Dr. Fitch ended up running the health services for the University of Montana, and that meant Jim was off the ACORN team for a minute.  He ended up organizing at Montana Peoples’ Action with one of its co-founders, Secky Fascione, who later was his partner for years, and became a dear friend as well.  Jim would invite me to do staff and leadership training for MPA or one thing and another.  I would work for plane fare on the condition that I could bring my son Chaco along with me.  On one side or the other of the training, we would end up taking advantage of the generosity of my friends and comrades who ran the Sleeping Time Duck Camp in an old one-room schoolhouse in the Centennials.  Hiking and exploring with Ben and Chaco, getting blown around Red Rock lakes in a raft, fishing up and down Montana, hunting antlers, sitting around the camp stove, is where Jim and I went from being comrades in the struggle to friends for life.

This century, for more than seven years we had an Airstream on Rock Creek, 50 miles from Missoula, courtesy of Secky. When we pulled the Katrina trailer up from the South, we stayed in Helena with Jim, his new wife, and his two precious, young daughters.  When he ended up back in Missoula again, his house became our depot for washing clothes and taking showers when we were on Rock Creek.  Jim’s health had gone bad.  He was misdiagnosed with Lime disease and nothing seemed to work for him, so it was a steady slide.  He had to give up fishing, but he never gave up talking organizing.  He was helping a longshot candidate in Utah, just as he had helped Max Baucus win a Congressional seat and all us in starting a branch of the New Party in Montana.  We talked about organizing trailer parks, as he had done around Montana.  We talked about organizing an association of patients with Lime’s who could fight for better care.  There were still good moments for him.  I can remember one night around the campfire with his brother at Rock Creek where they were all playing and singing.   I had talked to him last maybe  six weeks ago about the work, about visiting New Orleans, about all of us getting up to Montana again after the pandemic.

I was on the road again in California, and finally checked my phone.  I was surprised to see a long text from Ben.  Jim had contracted pneumonia.  It didn’t look good.  In his reverie, Ben told me Jim had mentioned me a couple of times.  I should call quickly, and I might catch him in a coherent moment.  I walked into the back yard in San Jose, and called.  I talked to Ben, but Jim was now in hospice.  He died the next morning.

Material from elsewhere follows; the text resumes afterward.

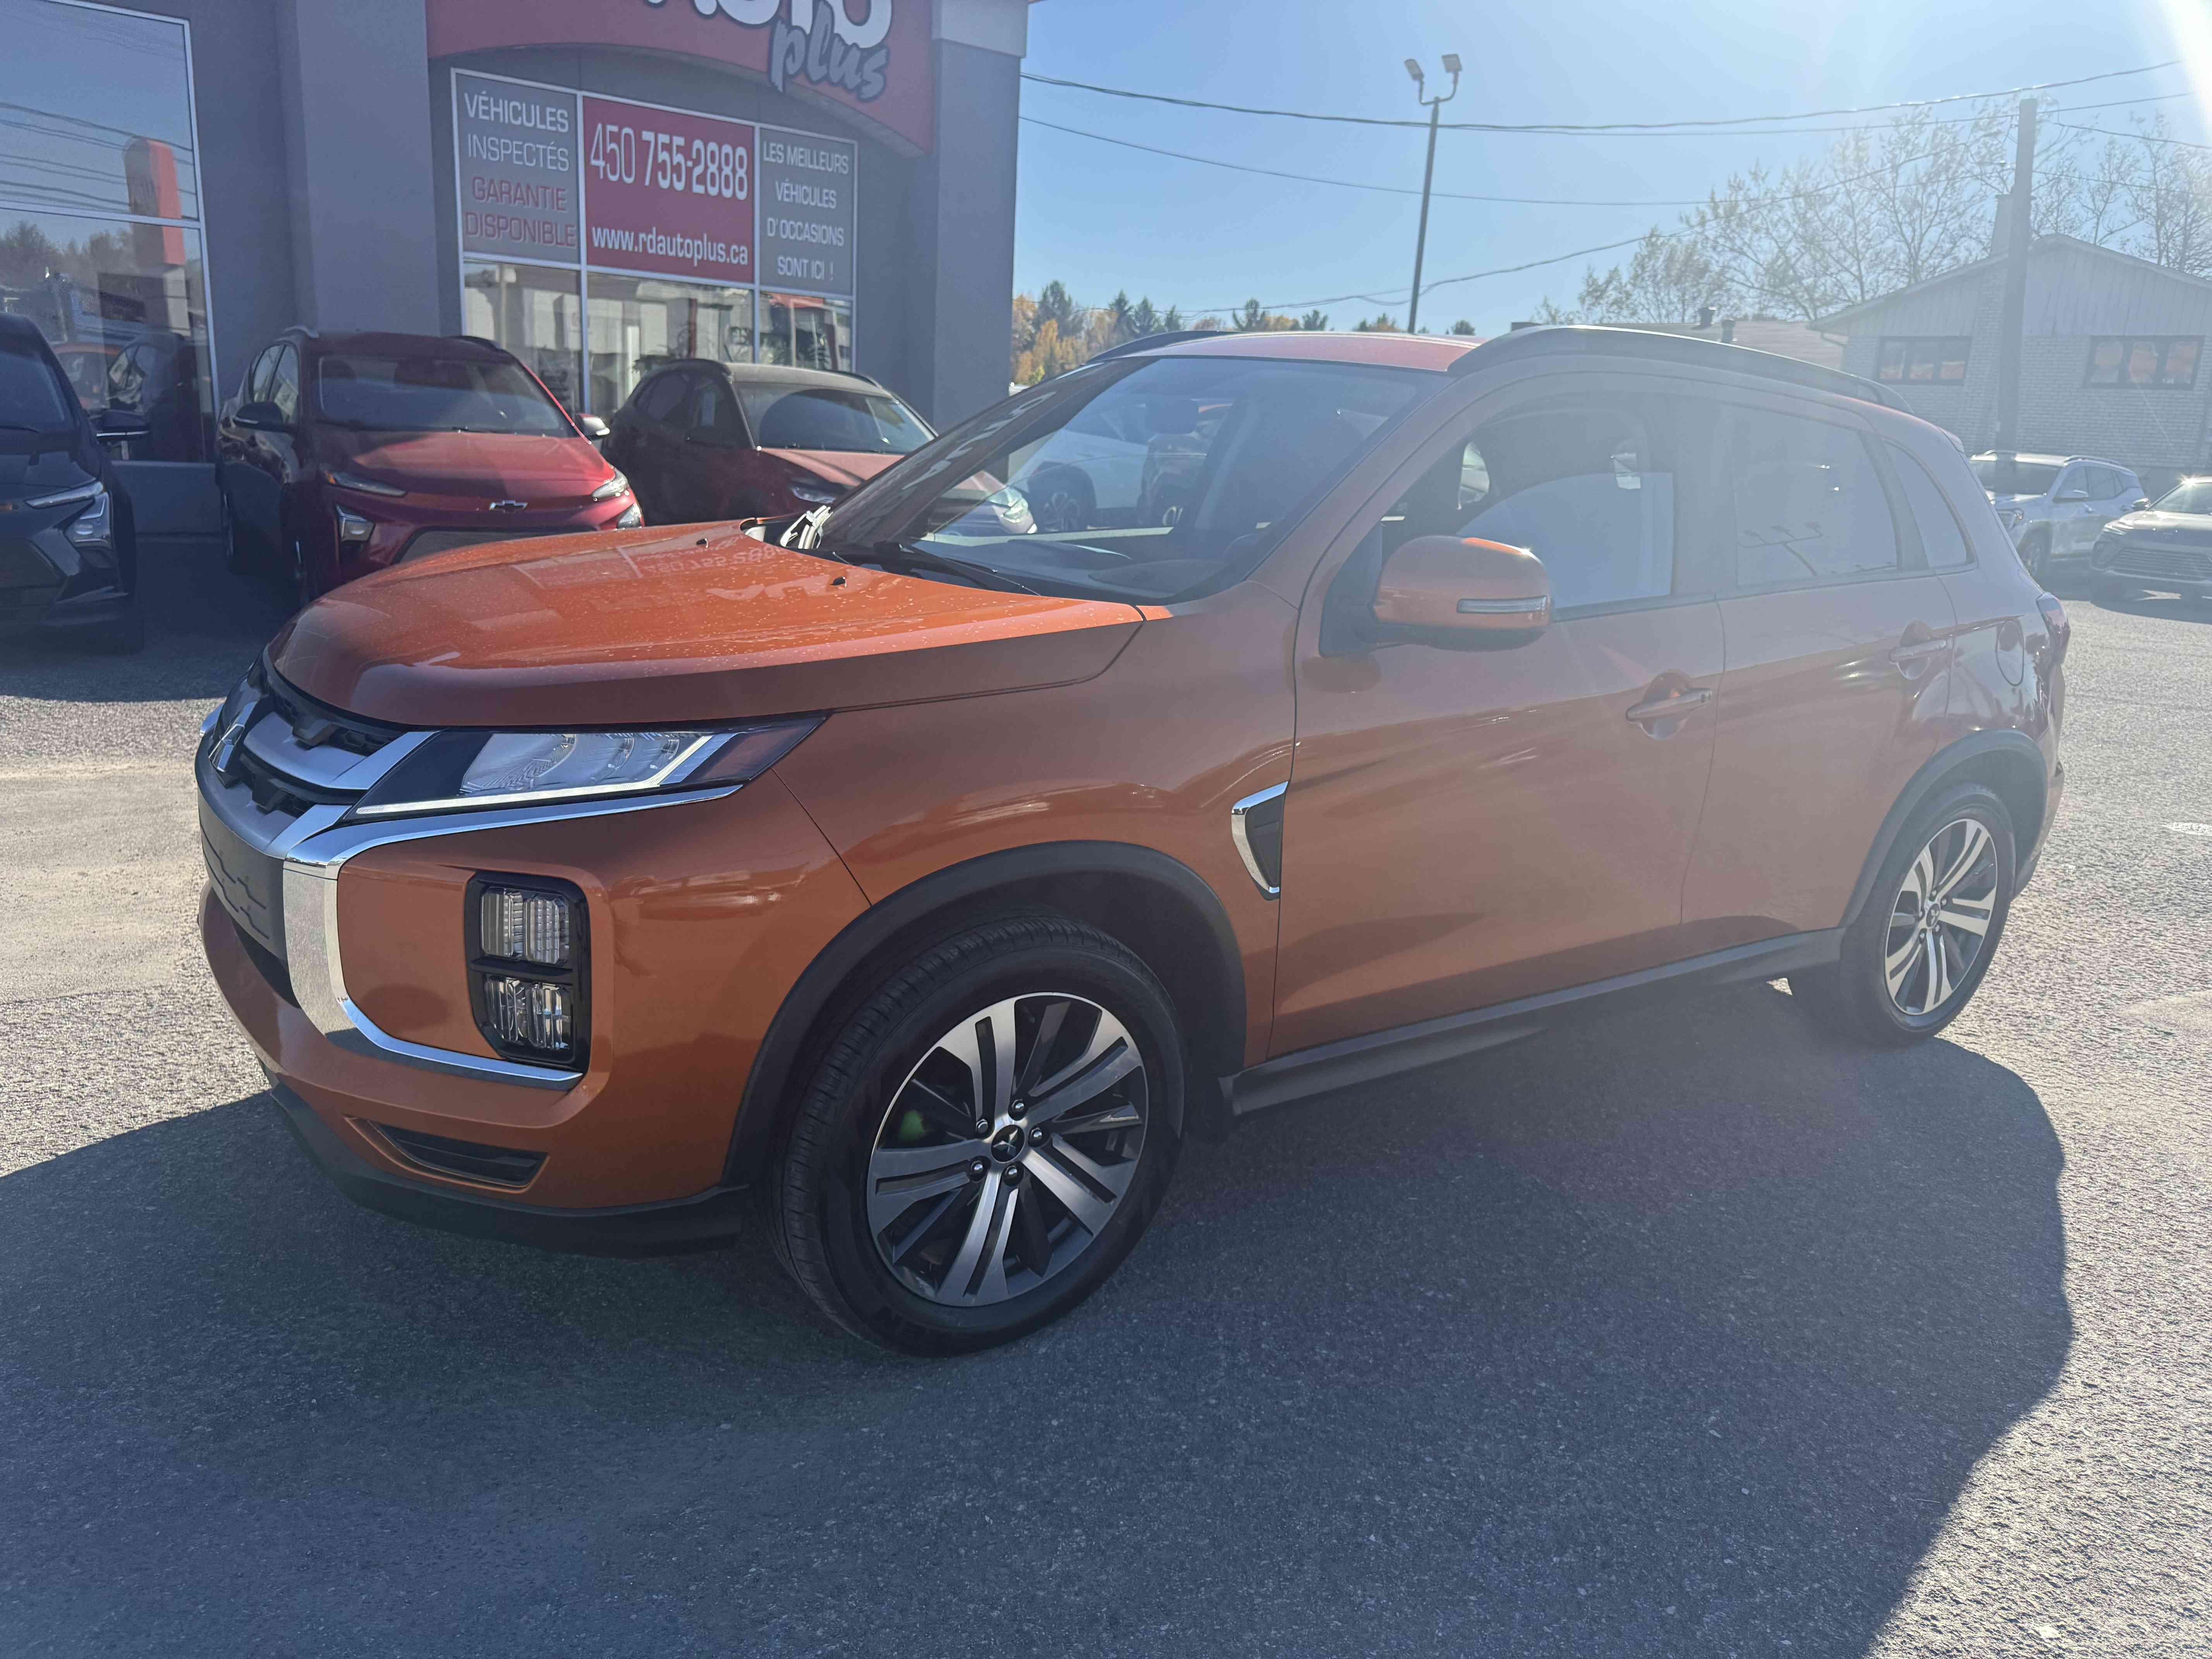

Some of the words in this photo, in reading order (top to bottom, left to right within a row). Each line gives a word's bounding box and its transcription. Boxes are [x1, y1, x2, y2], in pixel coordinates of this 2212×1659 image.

His obit in the Missoula papers said he was almost 70 when he passed.  I don’t believe it.  To me, he’s working his part of the march at one of our conventions.  He’ll be crawling down into the basement to prime the pump at the duck camp.  He’ll be knocking the doors on the other side of the street.  He’ll be working his way through the willows to drop a fly in the Big Hole.  He’ll be missed deeply.   He was part of my work and a great part of my life.